Harlequin Superromance February 2016 Box Set
Page 31
Her references had been mostly glowing. Cara was good at customer service. She was organized and dependable as long as she wasn’t tasked with too stressful of a project.
Those were the things he needed, and he didn’t have stressful projects because he refused to let stress into his business. The fact she interacted so well with his dogs helped. That, and you’d like to see her naked.
He snorted at his own inner monologue. Not gonna happen, buddy.
So, two weeks and a few phone calls after she’d offered herself up for the job, here she was. His assistant.
Without a response from him, Cara appeared in his office with Sweetness on a leash. A sparkly purple leash. Definitely not the one he’d packed in the loaner kit.
Then he saw the scarf.
“What the hell is that?” he demanded, pointing at the offensive swath of fabric.
Cara blinked and looked down at Sweetness. The scarf bandana thing around Sweetness’s neck was also purple, with pink-and-green flowers on it.
“Isn’t it cute?”
“No. It’s ridiculous. She’s a dog.”
“She loves it. Don’t you, girl?” Cara crouched, scratching Sweetness behind the ears. And, yeah, Sweetness seemed to like that, but he wasn’t sold on the scarf thing.

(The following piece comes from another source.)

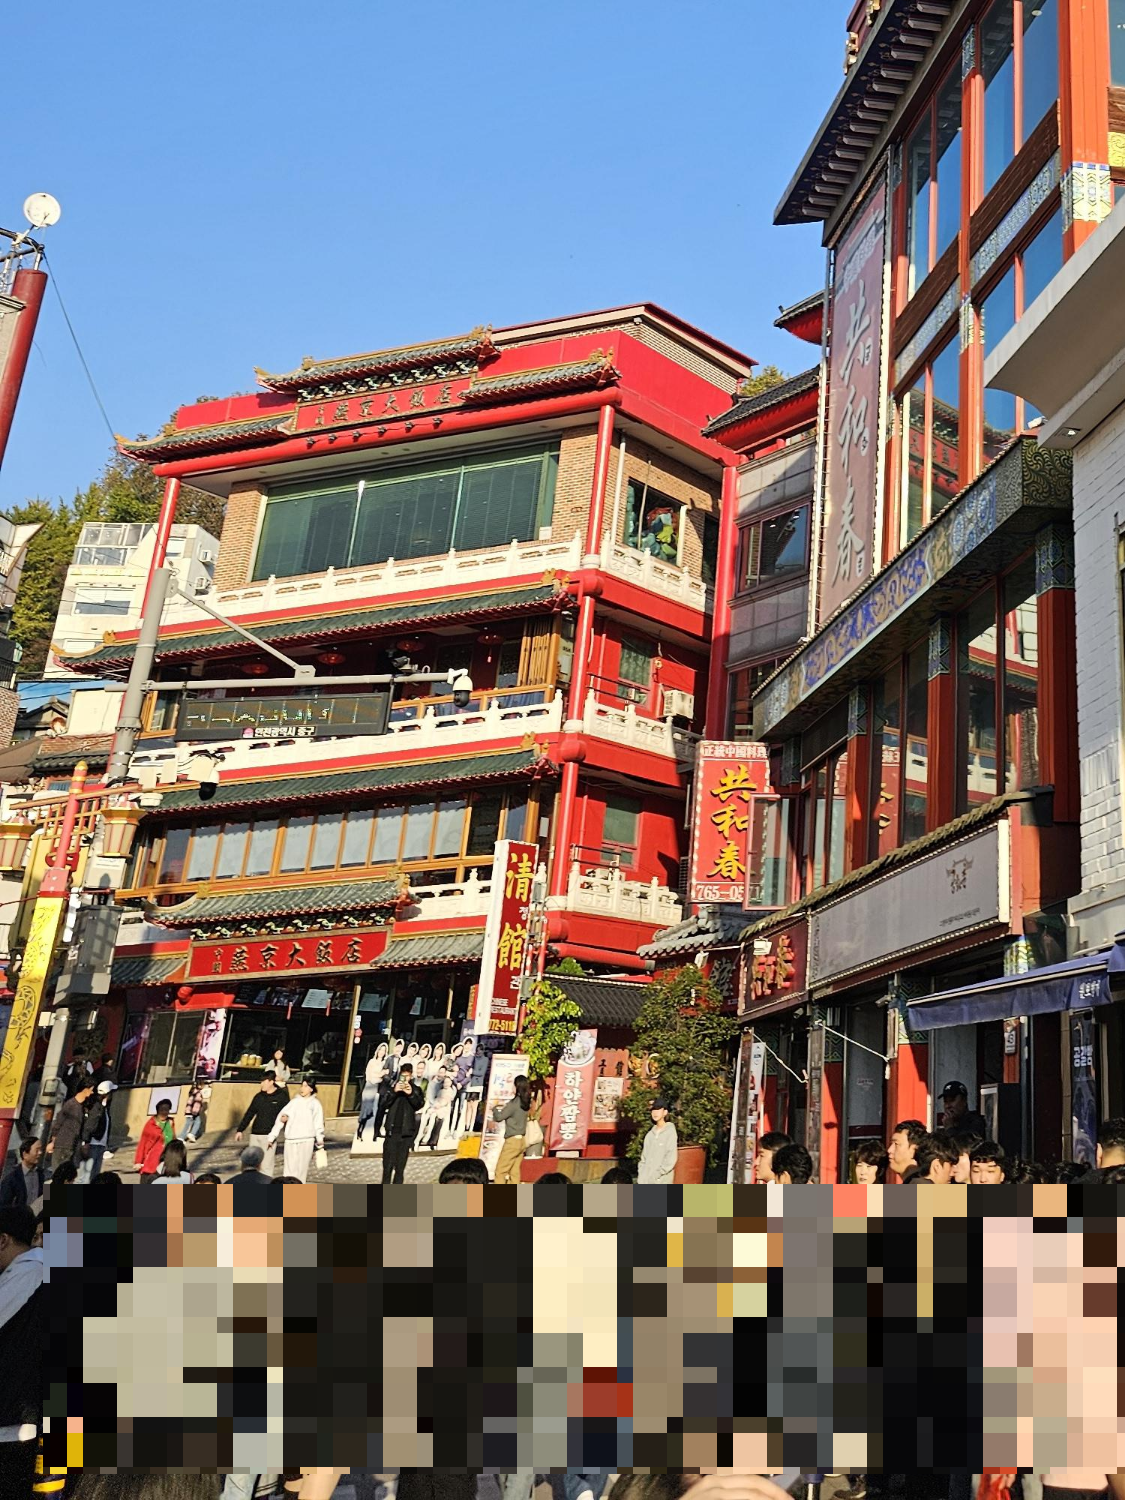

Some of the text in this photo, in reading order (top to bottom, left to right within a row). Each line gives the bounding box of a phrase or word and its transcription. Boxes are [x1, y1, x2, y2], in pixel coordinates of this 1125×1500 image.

[706, 764, 757, 880] 共和春
[558, 1070, 584, 1141] 하얀짬뽕

She popped back up to her feet. She was wearing skintight jeans and some oversize purple sweater thing that had big holes in it, but she seemed to be wearing a black tank top under it, so the holes didn’t show off anything important.
Seriously, there had been moments in time when he thought this would be a good idea?
“Thanks for letting me keep her the extra week.”
“Look, you can keep her. Period.”
Cara wrinkled her nose. “You can’t just give me your dog.”
“You bought her sparkly shit, and she clearly likes you better than me. Besides, you can bring her with you on workdays. It’s not like I don’t have enough dogs to keep me company, and she’s only mine because someone knew I didn’t turn away strays.”
“Wes.”
He already didn’t like the way she said his name. It gave him feelings he’d rather not diagnose at the moment. It was one of the great things about the army. Everyone said Stone or his rank in the same harsh bark. No emotion to discern in that environment. Just do your job right and no one gave you a hard time for being poor or shy or anxious or helpful or nice, either.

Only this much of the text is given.